* WHAT IS EXPECTED *
Any image in the records should be left out; output everything else exactly.

* DATA LISTING *
▶

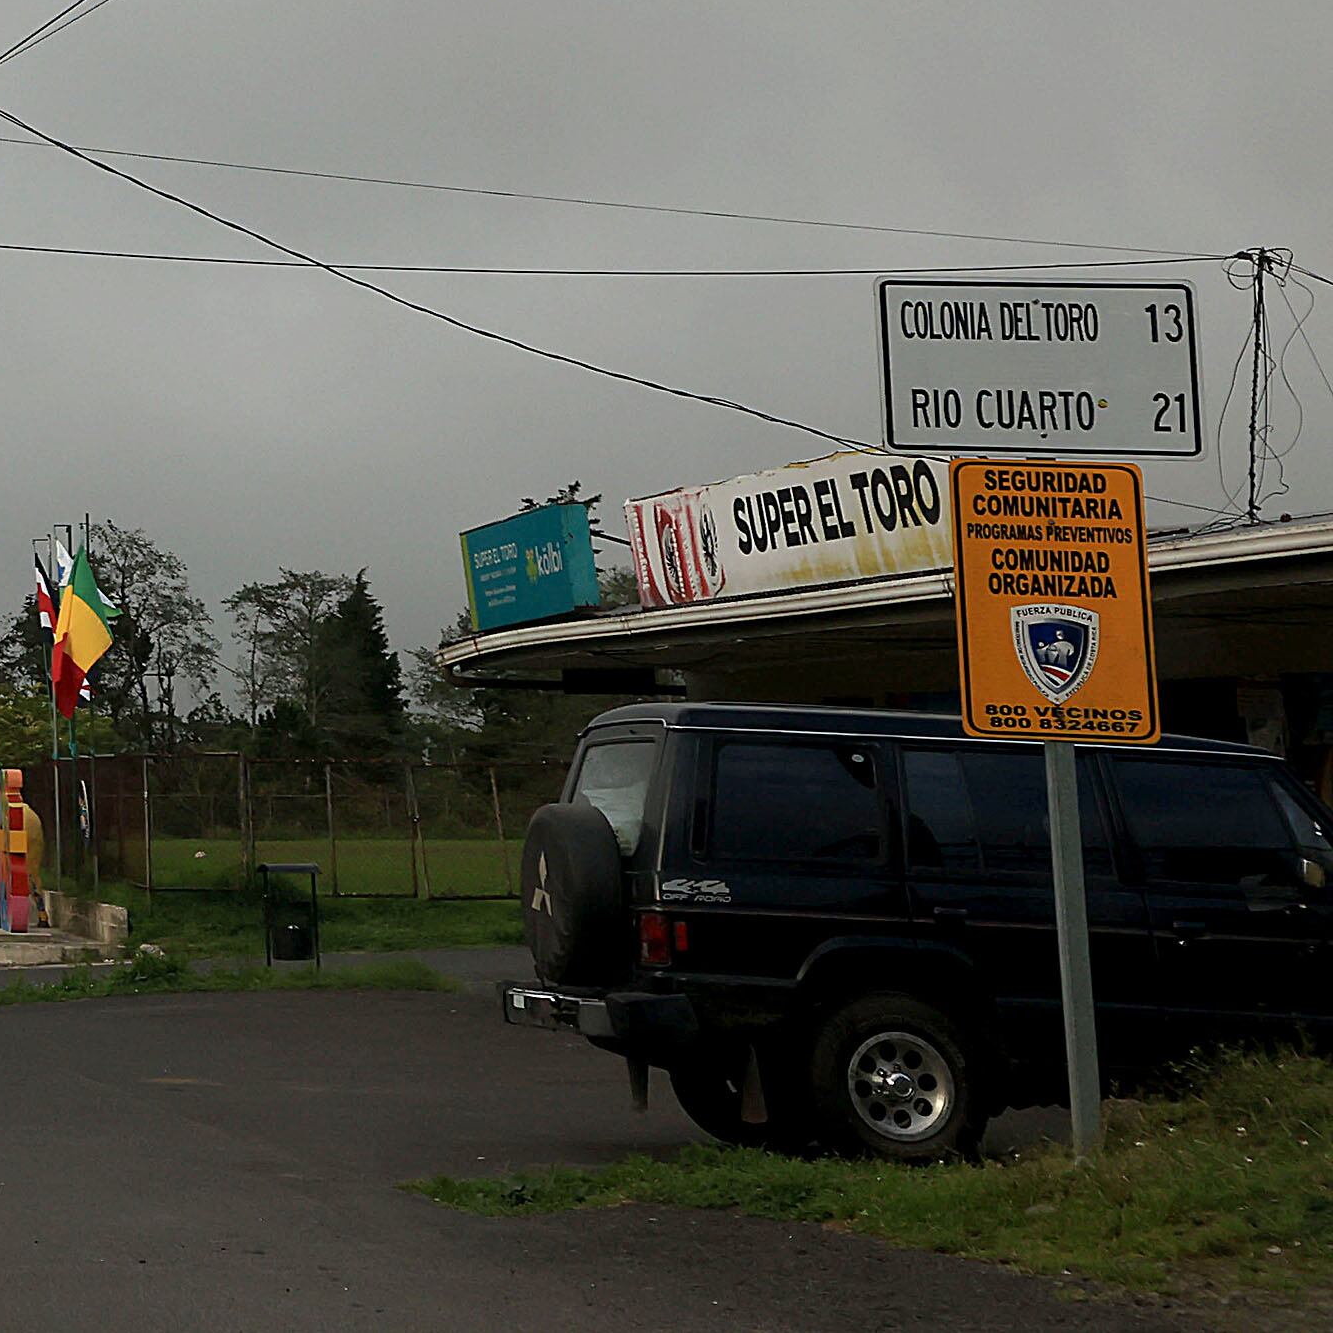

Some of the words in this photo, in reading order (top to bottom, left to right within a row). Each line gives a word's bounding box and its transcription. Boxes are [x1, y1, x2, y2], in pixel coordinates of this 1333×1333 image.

[900, 301, 992, 340] COLONIA
[1000, 303, 1039, 341] DEL
[1041, 303, 1099, 343] TORO
[1145, 304, 1183, 343] 13
[912, 388, 961, 428] RIO
[977, 390, 1094, 431] CUARTO
[1153, 393, 1186, 433] 21
[984, 470, 1106, 494] SEGURIDAD
[733, 486, 815, 555] SUPER
[815, 478, 856, 541] EL
[850, 459, 941, 533] TORO
[972, 495, 1122, 520] COMUNITARIA
[967, 523, 1043, 542] PROGRAMAS
[1046, 525, 1133, 545] PREVENTIVOS
[474, 548, 492, 568] SUPER
[991, 551, 1110, 573] COMUNIDAD
[989, 574, 1117, 599] ORGANIZADA
[1017, 607, 1051, 618] FUERZA
[1055, 607, 1093, 621] PUBLICA
[985, 704, 1027, 716] 800
[1034, 706, 1143, 721] VECINOS
[989, 717, 1032, 729] 800
[1039, 719, 1139, 733] 8324667
[662, 893, 689, 901] OFF
[694, 894, 732, 903] ROAD

◀

* SOLUTION FOR THIS EXERCISE *
Some of the words in this photo, in reading order (top to bottom, left to right within a row). Each line gives a word's bounding box and its transcription. Boxes are [x1, y1, x2, y2], in pixel coordinates of this 1333×1333 image.

[900, 301, 992, 340] COLONIA
[1000, 303, 1039, 341] DEL
[1041, 303, 1099, 343] TORO
[1145, 304, 1183, 343] 13
[912, 388, 961, 428] RIO
[977, 390, 1094, 431] CUARTO
[1153, 393, 1186, 433] 21
[984, 470, 1106, 494] SEGURIDAD
[733, 486, 815, 555] SUPER
[815, 478, 856, 541] EL
[850, 459, 941, 533] TORO
[972, 495, 1122, 520] COMUNITARIA
[967, 523, 1043, 542] PROGRAMAS
[1046, 525, 1133, 545] PREVENTIVOS
[474, 548, 492, 568] SUPER
[991, 551, 1110, 573] COMUNIDAD
[989, 574, 1117, 599] ORGANIZADA
[1017, 607, 1051, 618] FUERZA
[1055, 607, 1093, 621] PUBLICA
[985, 704, 1027, 716] 800
[1034, 706, 1143, 721] VECINOS
[989, 717, 1032, 729] 800
[1039, 719, 1139, 733] 8324667
[662, 893, 689, 901] OFF
[694, 894, 732, 903] ROAD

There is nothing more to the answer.